What you won’t see is what’s going on behind the curtain: the beginnings of Nginx as an open-source software project in Russia and its very recent sale to an American company.
Perhaps the most important omission is that, in December, the founder of Nginx was detained by the Russian police, and both the Moscow offices of Nginx and his apartment were searched.
There’s a whole lot of backstory left out, too: the involvement of Russian oligarchs, scores of lawyers, the CEO of the chief bank of Russia, and, of course, Putin Telegram stickers.
Let’s start at the beginning, though.
How Websites Send You Stuff to Read
Let’s say you want to read a website. Perhaps you want to check out Hacker News to see if Softbank has closed up shop, leaving behind a trail of Saudi oil dollars, or read some fun social commentary.
What happens behind the scenes between when you go to news.ycombinator.com?
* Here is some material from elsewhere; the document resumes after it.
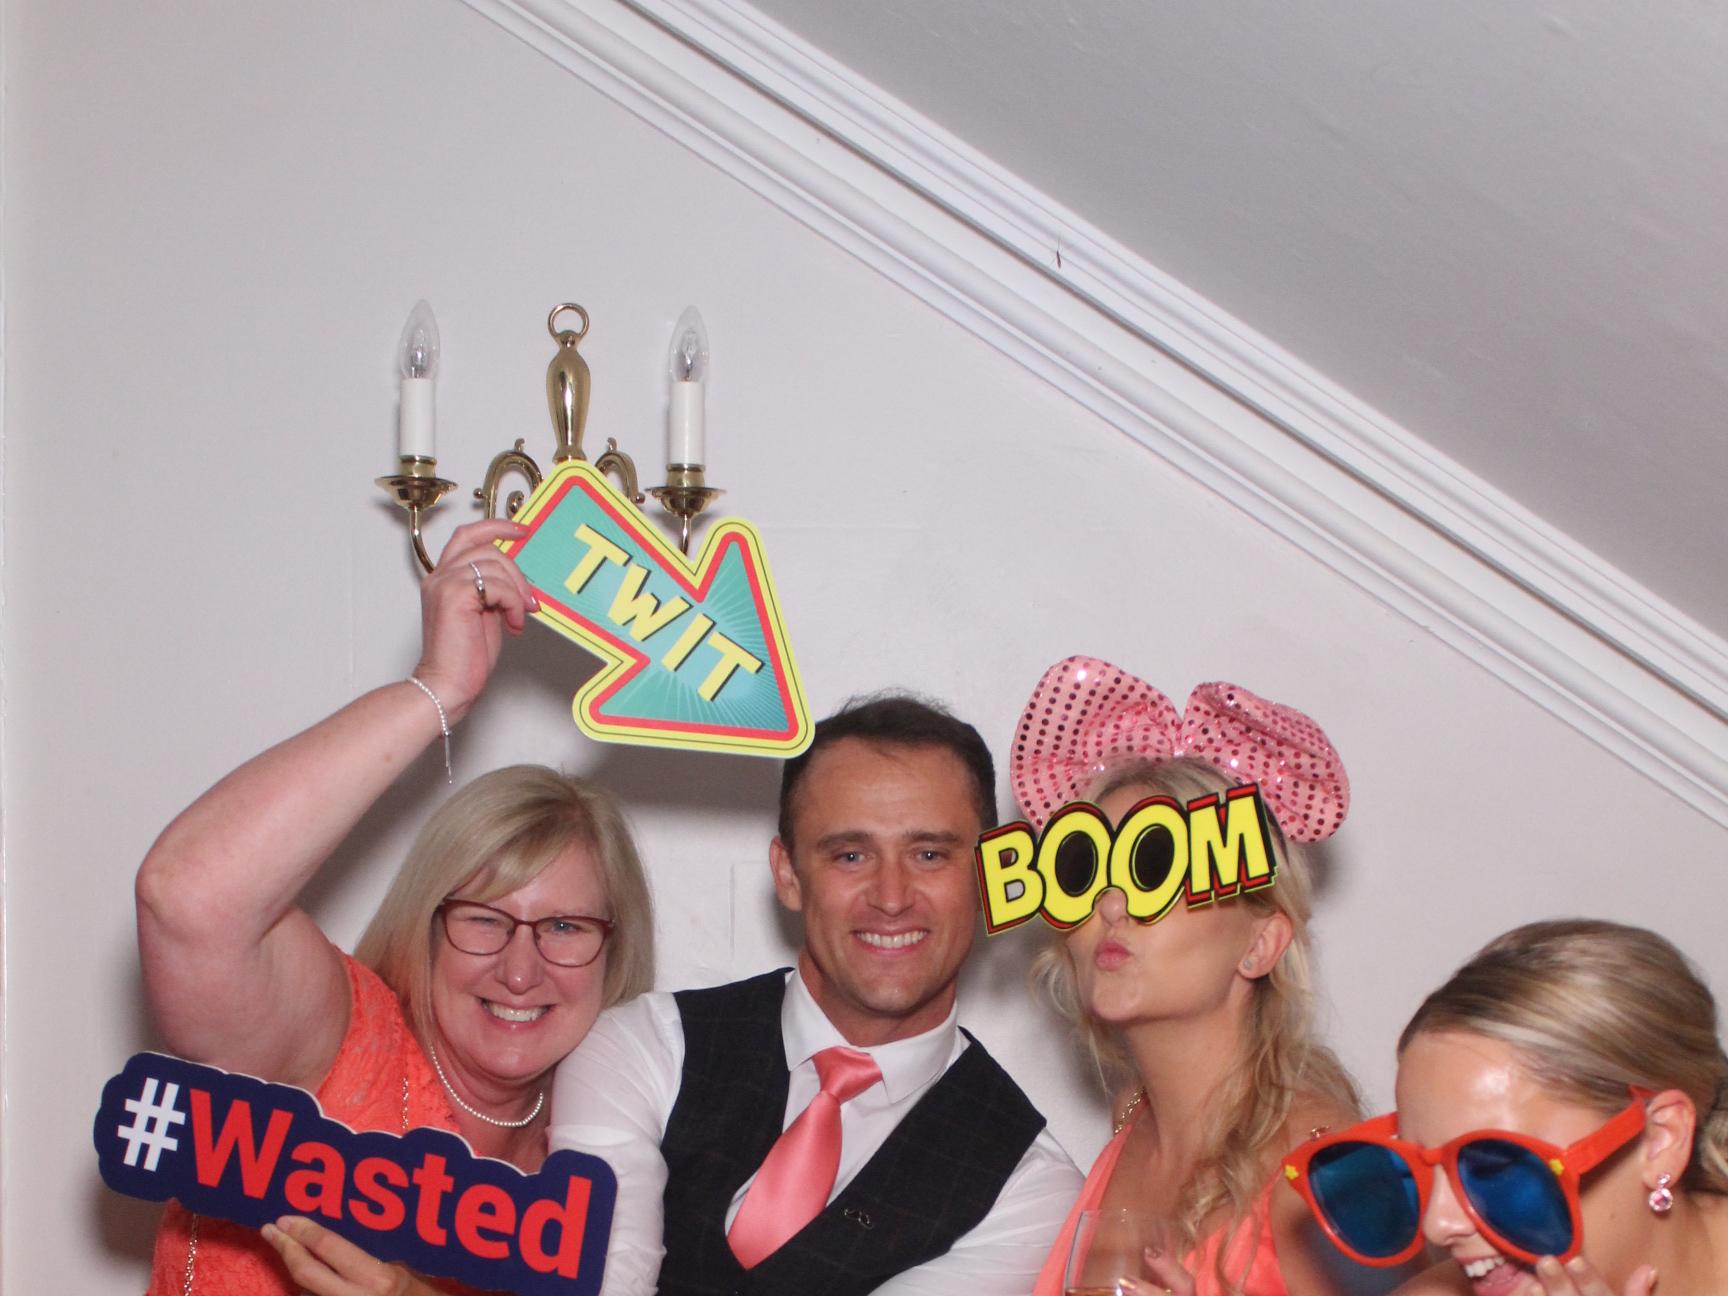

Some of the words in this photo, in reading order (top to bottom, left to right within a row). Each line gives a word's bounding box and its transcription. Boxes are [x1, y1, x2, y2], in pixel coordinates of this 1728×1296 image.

Allow me to illustrate with this bespoke late 2010s visual:
Your local computer, via your browser, makes a request to the web server that’s hosting the website, saying “Please load this webpage for me.”
It does so using HTTP, a protocol, or language that computers use to talk to each other. Your machine tells the other machine, using a GET request, “Hey, send me to this website, and give me all the assets (images, text, cookies, whatever), that are available to me as an end consumer at news.ycombinator.com. “
In actuality, this all happens behind the scenes when you press the enter bar in your browser.
But you can also run a GET request through the command line, using an application named cURL (which, like Nginx, was also started and maintained by a single dude.) And when you do it that way, you get not only the content, but a bunch of interesting metadata about the site, also known as headers:
Here is part of HN’s headers:
curl -i -G https://news.ycombinator.com
HTTP/1.1 200 OK
Server: nginx
Date: Tue, 21 Jan 2020 11:26:26 GMT
Content-Type: text/html; charset=utf-8
Transfer-Encoding: chunked
Connection: keep-alive
Julia’s wonderful zine covers a lot more of HTTP in very accessible detail if you’re interested. They’re a really fun rabbit hole to fall into (and, I’d argue important to understand if you use the web), but there is another reason I’m throwing all of this at you.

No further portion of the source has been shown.